*What is being asked*
Under this line is some data; print exactly the lines from the one containing "this 1600×1067 image." through its last line, without pictures.

*Given records*

··········

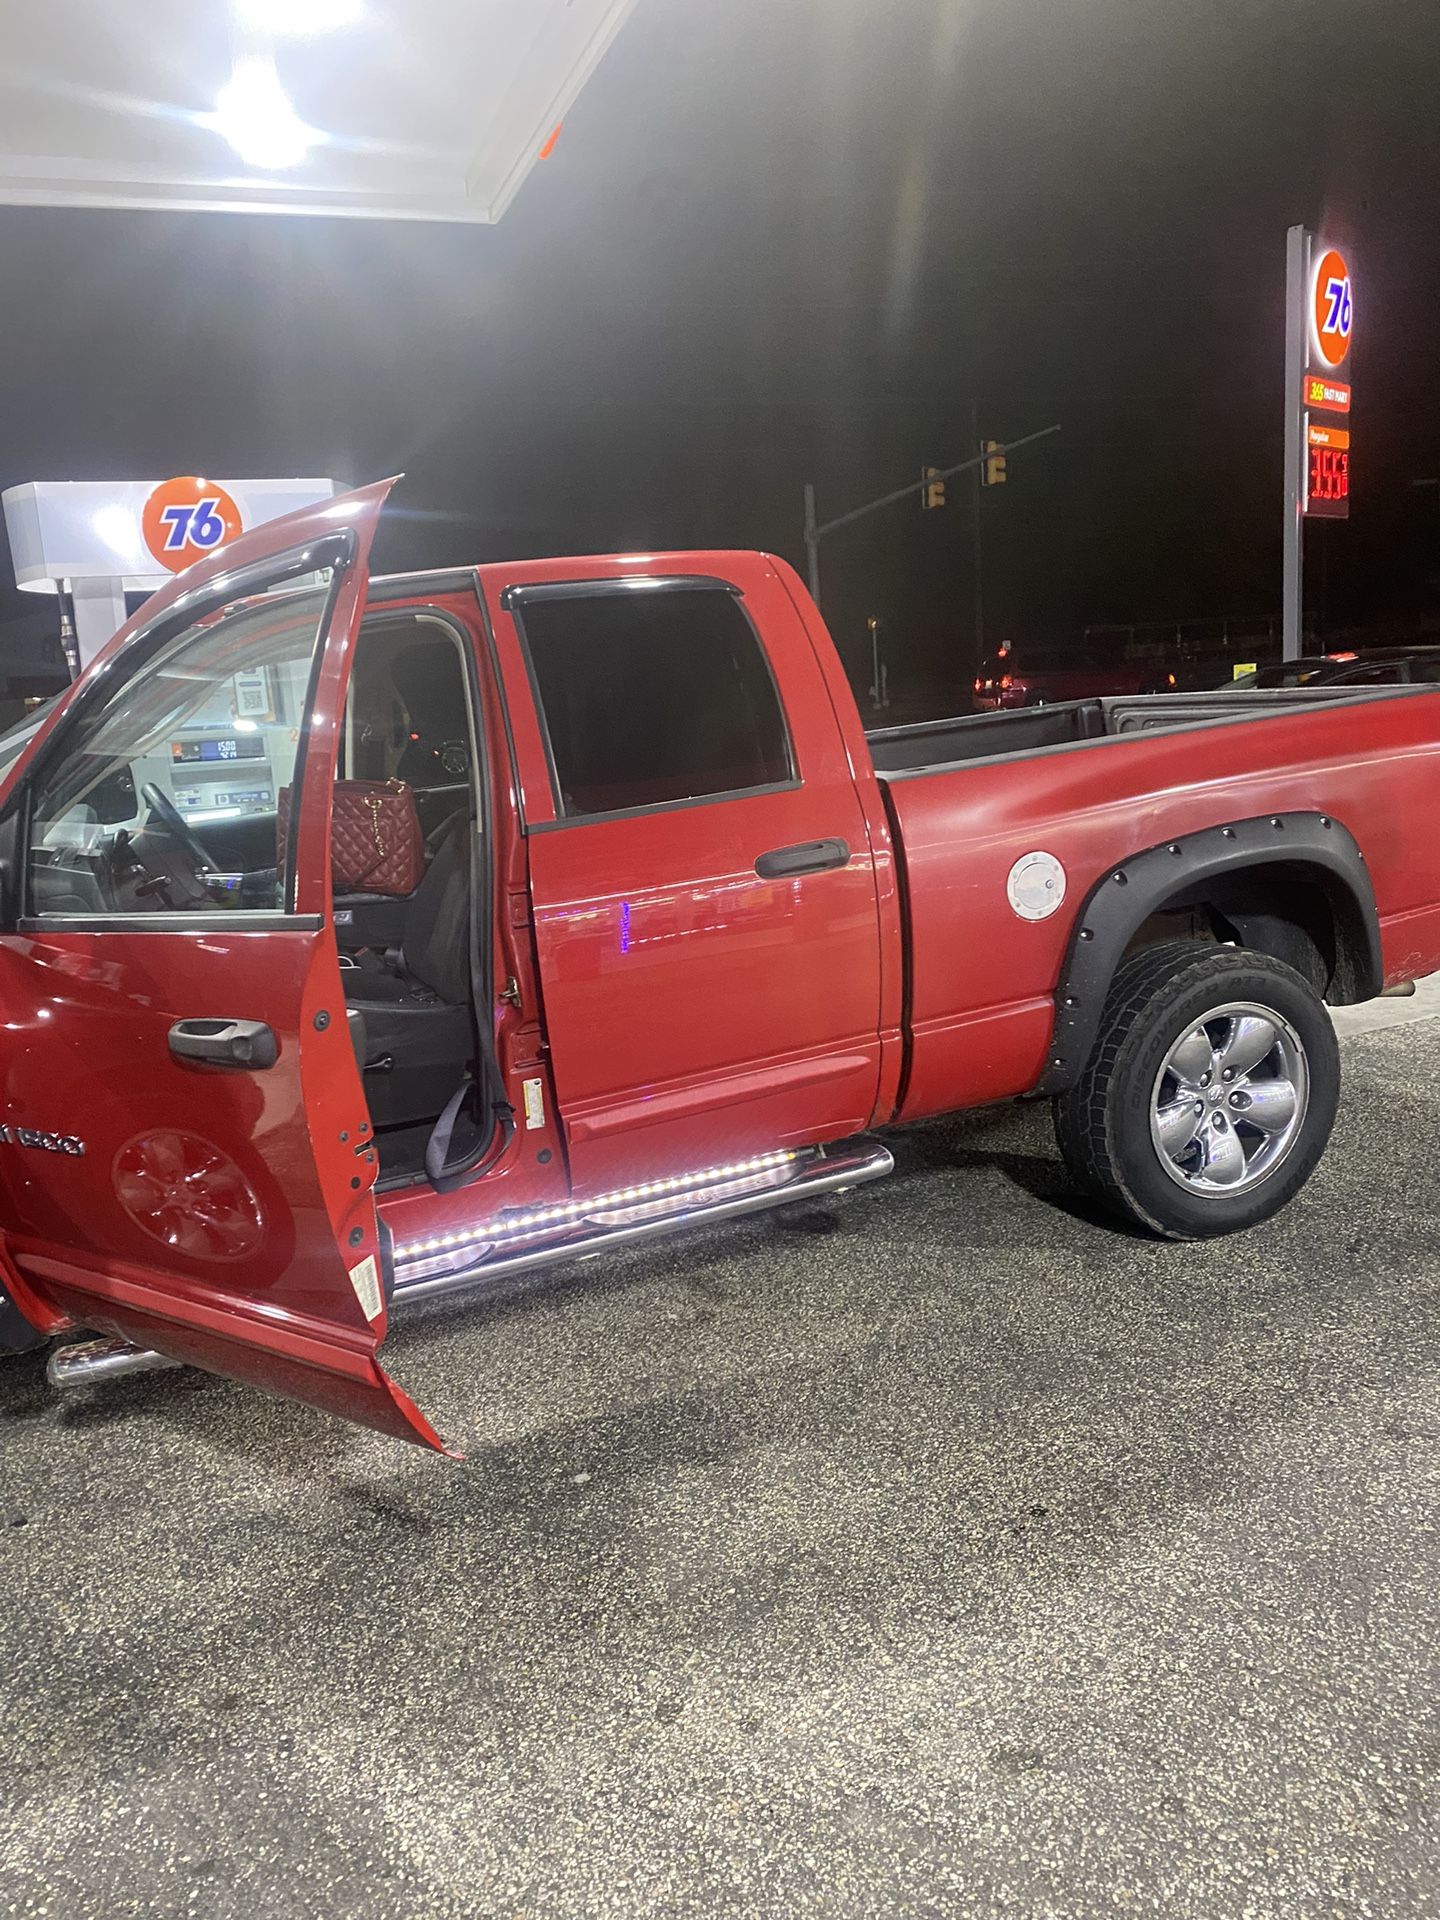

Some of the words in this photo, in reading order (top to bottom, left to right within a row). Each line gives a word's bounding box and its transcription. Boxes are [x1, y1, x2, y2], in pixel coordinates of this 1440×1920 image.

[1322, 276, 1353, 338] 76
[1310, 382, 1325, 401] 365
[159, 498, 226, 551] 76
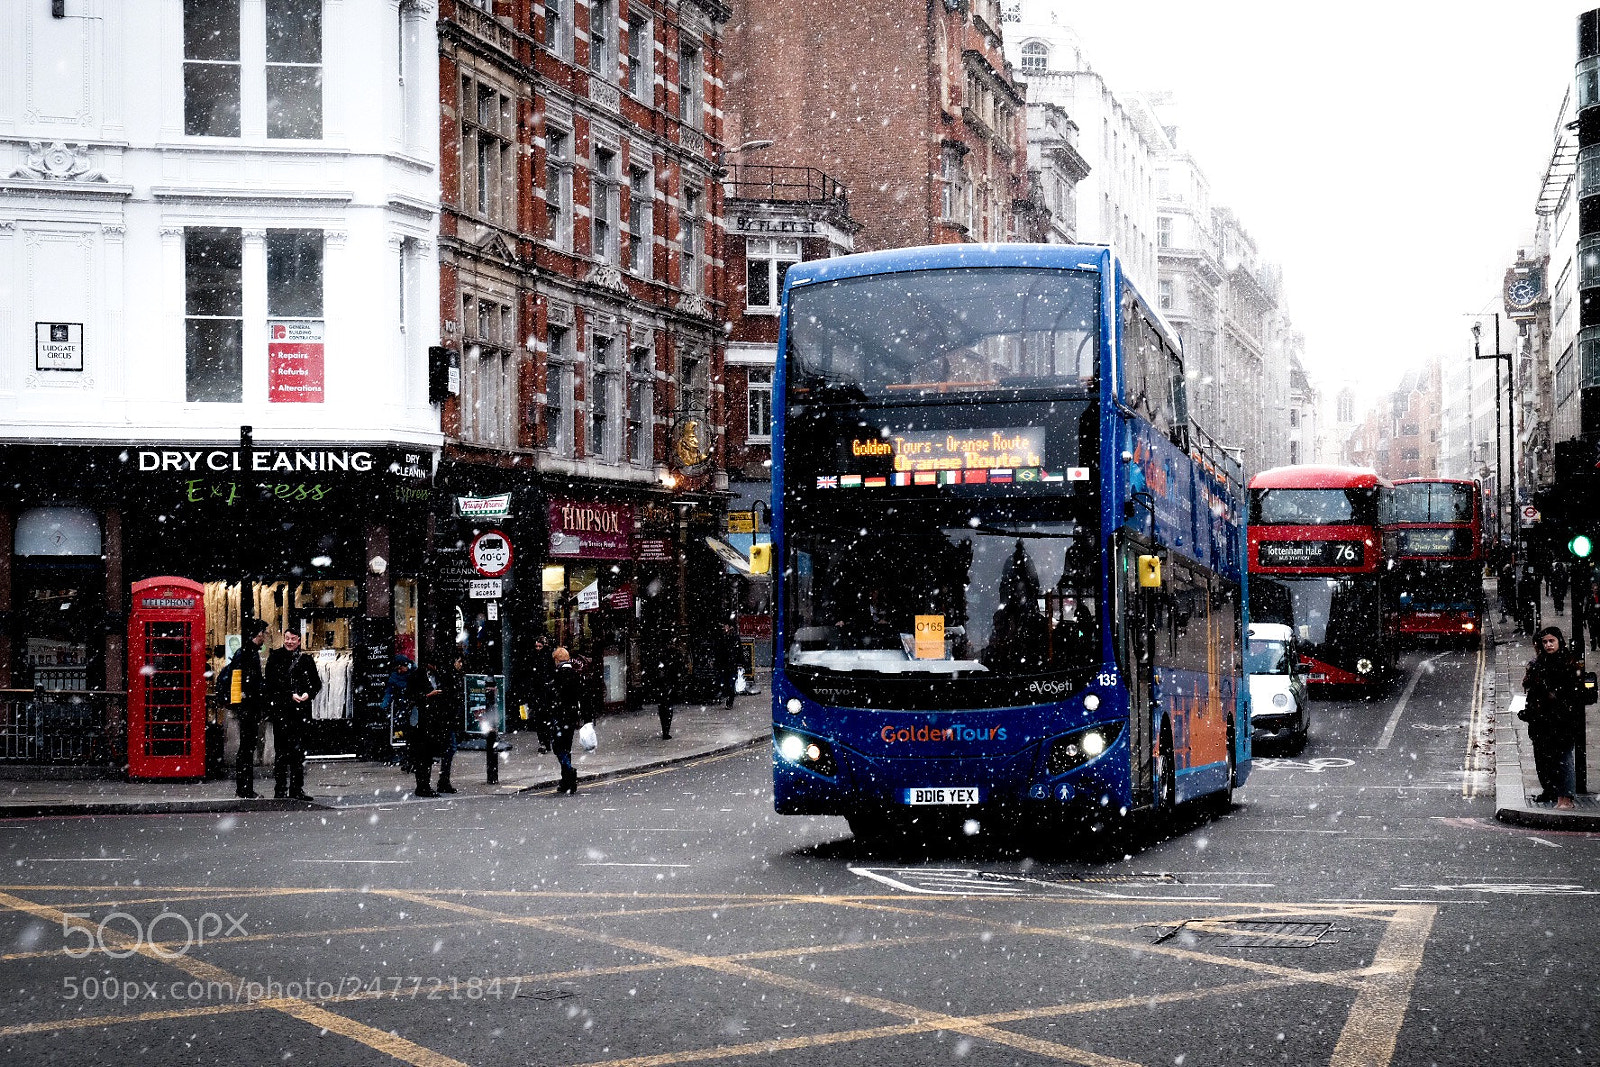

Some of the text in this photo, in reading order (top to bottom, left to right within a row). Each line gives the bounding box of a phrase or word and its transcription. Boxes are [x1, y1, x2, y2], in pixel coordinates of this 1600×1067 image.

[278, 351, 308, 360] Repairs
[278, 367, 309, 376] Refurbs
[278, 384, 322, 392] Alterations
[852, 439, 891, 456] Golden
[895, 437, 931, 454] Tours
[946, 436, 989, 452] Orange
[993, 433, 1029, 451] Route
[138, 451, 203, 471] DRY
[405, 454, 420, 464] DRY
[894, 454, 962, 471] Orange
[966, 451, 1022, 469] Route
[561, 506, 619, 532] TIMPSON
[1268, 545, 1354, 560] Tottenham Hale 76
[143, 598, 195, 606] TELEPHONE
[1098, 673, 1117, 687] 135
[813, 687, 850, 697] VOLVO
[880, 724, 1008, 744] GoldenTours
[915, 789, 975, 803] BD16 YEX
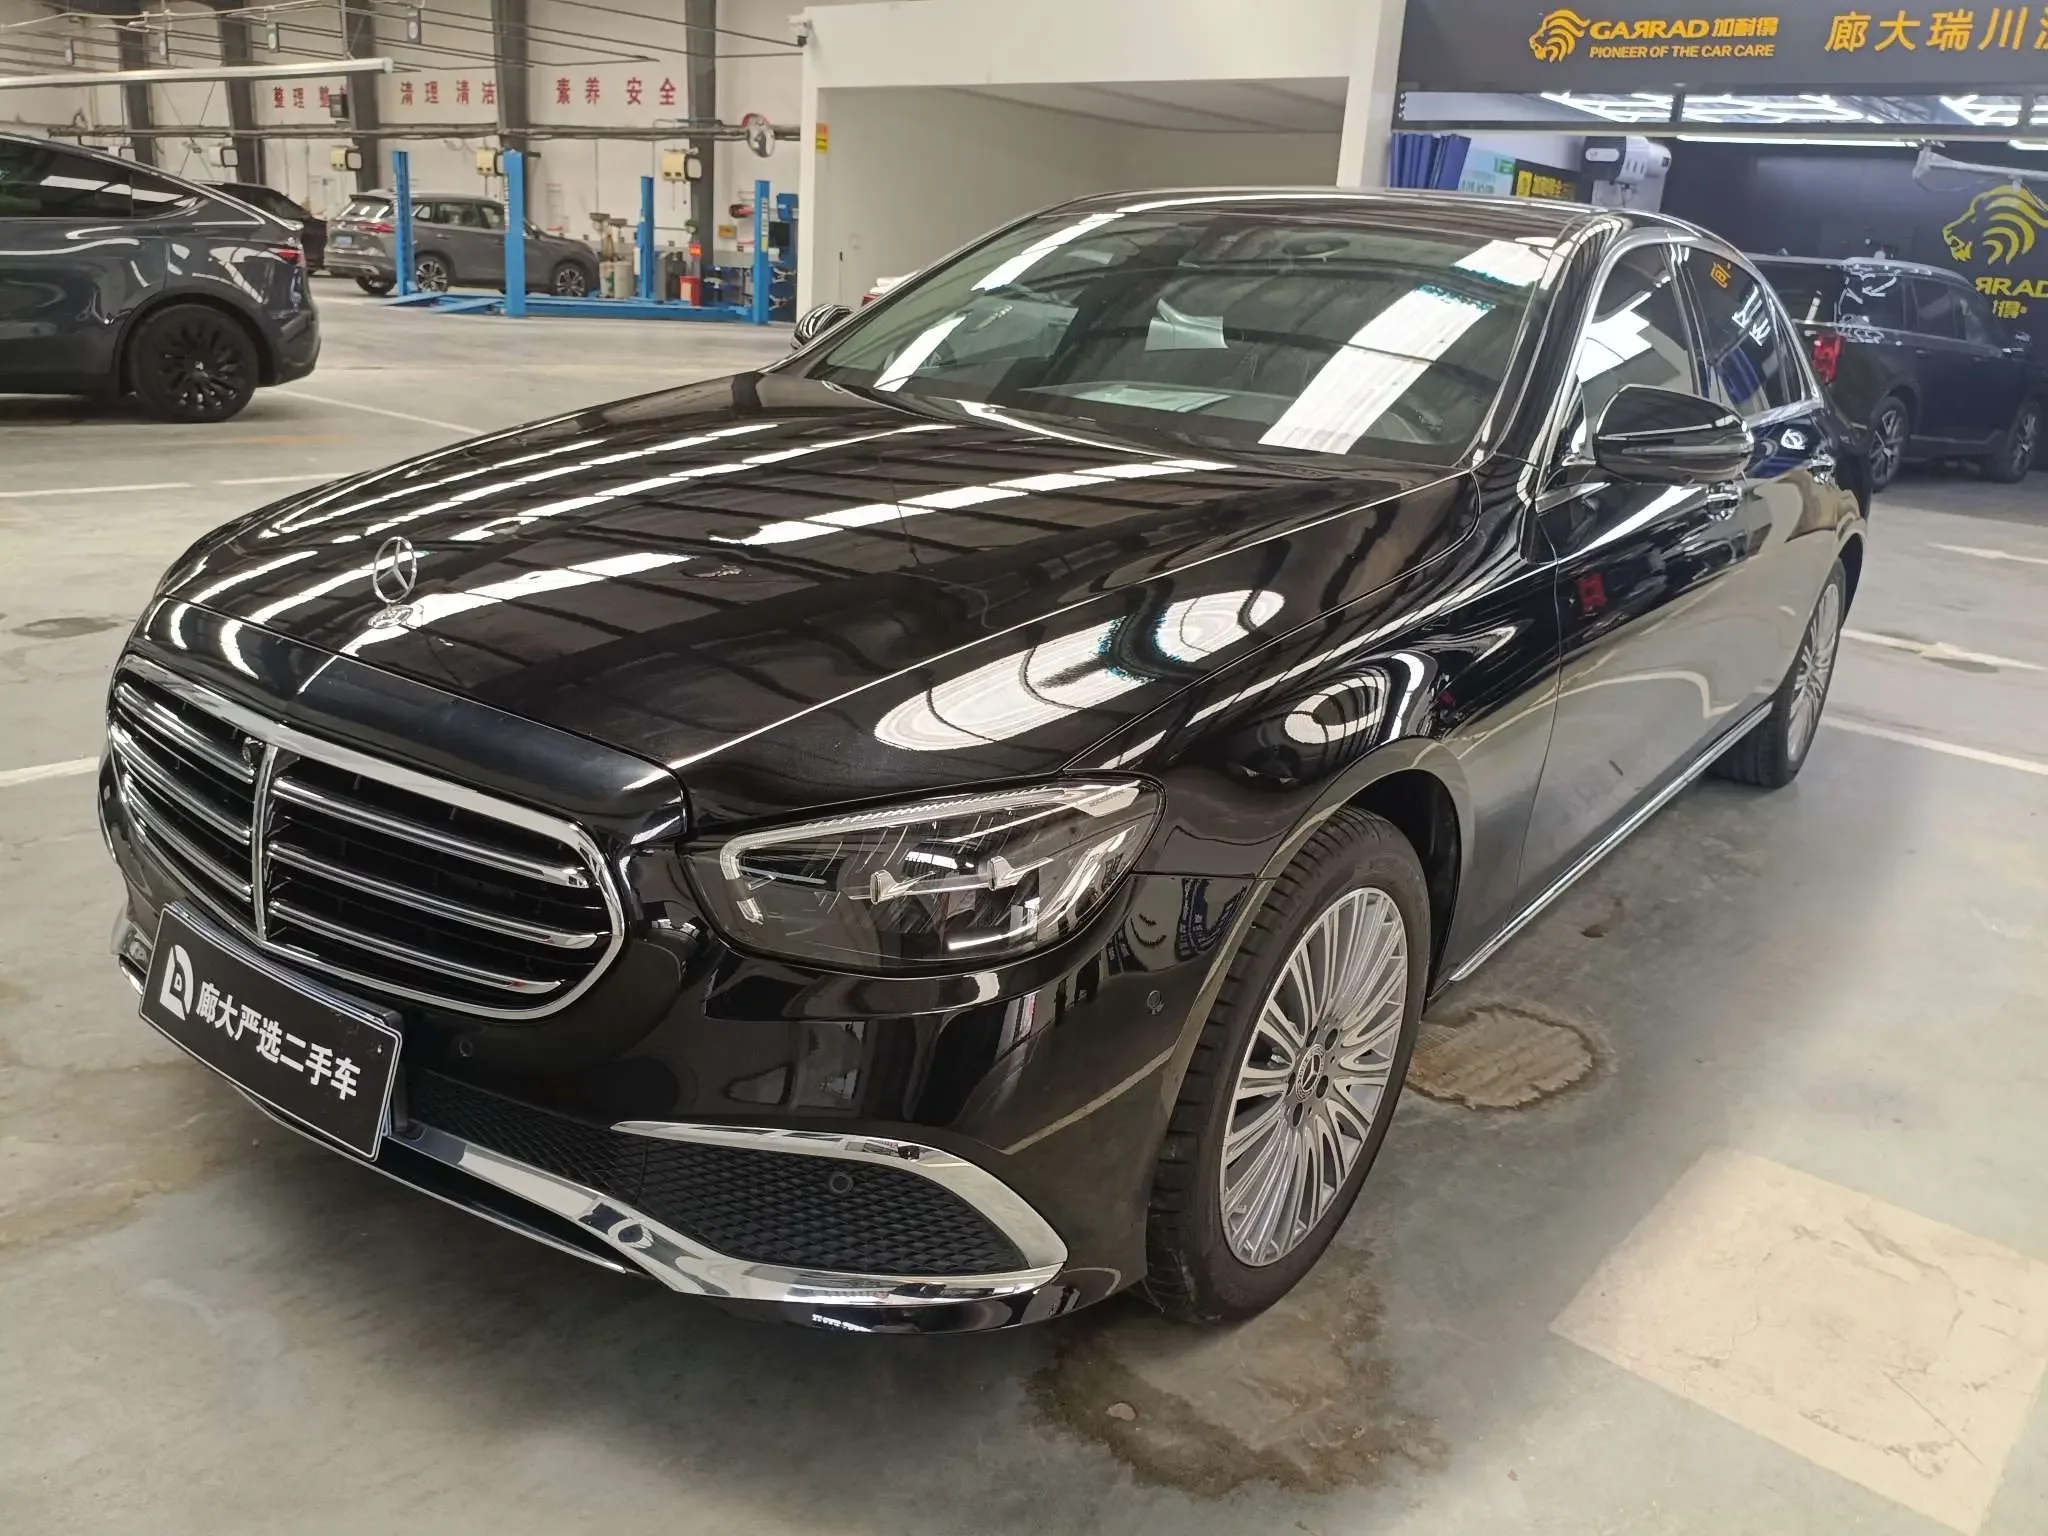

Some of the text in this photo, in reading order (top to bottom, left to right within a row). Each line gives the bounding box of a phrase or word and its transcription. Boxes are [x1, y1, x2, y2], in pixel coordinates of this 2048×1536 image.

··········

*Response to the exercise*
Some of the text in this photo, in reading order (top to bottom, left to right within a row). Each line gives the bounding box of a phrase or word and its transcription. Boxes are [x1, y1, x2, y2], in pixel coordinates of this 1600×1067 image.

[278, 351, 308, 360] Repairs
[278, 367, 309, 376] Refurbs
[278, 384, 322, 392] Alterations
[852, 439, 891, 456] Golden
[895, 437, 931, 454] Tours
[946, 436, 989, 452] Orange
[993, 433, 1029, 451] Route
[138, 451, 203, 471] DRY
[405, 454, 420, 464] DRY
[894, 454, 962, 471] Orange
[966, 451, 1022, 469] Route
[561, 506, 619, 532] TIMPSON
[1268, 545, 1354, 560] Tottenham Hale 76
[143, 598, 195, 606] TELEPHONE
[1098, 673, 1117, 687] 135
[813, 687, 850, 697] VOLVO
[880, 724, 1008, 744] GoldenTours
[915, 789, 975, 803] BD16 YEX

Some of the text in this photo, in reading order (top to bottom, left to right within a row). Each line gives the bounding box of a phrase or word and its transcription. Boxes are [x1, y1, x2, y2], in pixel coordinates of this 2048×1536 image.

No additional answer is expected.